Scientists have used human retinas grown in a petri dish to study how humans can see millions of colors, while dogs can only see a limited range of hues. They found that a molecule derived from vitamin A, called retinoic acid, plays a key role in determining whether a cone cell will sense red or green light.
How dogs see the world differently from humans
Dogs have two types of cone cells in their retina, which are responsible for color vision. They can sense blue-violet and yellow, and combinations of those colors. They cannot see red and green, which are the most common colors for human color blindness. This means that dogs see the world in shades of blue, yellow and gray .

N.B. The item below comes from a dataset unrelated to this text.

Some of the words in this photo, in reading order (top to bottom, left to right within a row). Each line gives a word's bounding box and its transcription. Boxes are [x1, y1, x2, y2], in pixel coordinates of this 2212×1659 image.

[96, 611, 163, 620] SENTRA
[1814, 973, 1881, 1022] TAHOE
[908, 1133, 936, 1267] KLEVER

Humans, on the other hand, have three types of cone cells that can sense blue, green, or red light. Only humans with normal vision and closely related primates have the red cone cells, while other mammals lack them. Scientists have long wondered how the human retina decides whether to make green or red cone cells, and whether it is a random or a regulated process.
How retinoic acid controls cone cell development
The researchers, led by Robert Johnston, an associate professor of biology at Johns Hopkins University, published their findings in PLOS Biology on January 11, 2024. They used retinal organoids, which are miniature versions of the human retina that can be grown from stem cells in the laboratory. These organoids allowed them to investigate how retinoic acid, which is derived from vitamin A and is essential for eye development, controls the fate of cone cells.

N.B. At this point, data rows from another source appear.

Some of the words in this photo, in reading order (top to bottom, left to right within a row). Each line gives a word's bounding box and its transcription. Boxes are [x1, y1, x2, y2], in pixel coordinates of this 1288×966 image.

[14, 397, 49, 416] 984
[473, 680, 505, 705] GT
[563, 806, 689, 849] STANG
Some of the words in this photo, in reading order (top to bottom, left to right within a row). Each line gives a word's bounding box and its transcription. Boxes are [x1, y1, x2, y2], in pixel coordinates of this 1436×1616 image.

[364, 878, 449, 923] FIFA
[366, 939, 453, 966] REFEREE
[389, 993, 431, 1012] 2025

The new study suggests that retinoic acid is the key factor that controls whether a cone cell will sense green or red light. The researchers found that high levels of retinoic acid in early development of the organoids led to more green cone cells, while low levels of retinoic acid resulted in more red cone cells later in development.
“There still might be some randomness to it, but our big finding is that you make retinoic acid early in development,” Johnston said. “This timing really matters for learning and understanding how these cone cells are made.”
Implications for color vision disorders and eye health
The study also sheds light on how different types of opsin proteins, which detect light and send signals to the brain, determine whether a cone cell will sense green or red light. The genes for green and red opsins are very similar, with only a few differences that affect their sensitivity to wavelengths. The researchers used a novel technique that could detect these subtle genetic differences in the organoids and track how they changed over time.
“Because we can control in organoids the population of green and red cells, we can kind of push the pool to be more green or more red,” said author Sarah Hadyniak, who conducted the research as a doctoral student in Johnston’s lab and is now at Duke University.
The findings could help understand and treat color blindness, which affects about 8% of men and 0.5% of women. Color blindness is caused by mutations in the genes for opsins, which impair the ability to distinguish certain colors. The study could also provide insights into age-related vision loss and other diseases that affect photoreceptor cells.
The researchers plan to further explore how retinoic acid regulates cone cell development and how it interacts with thyroid hormones, which are also involved in eye formation.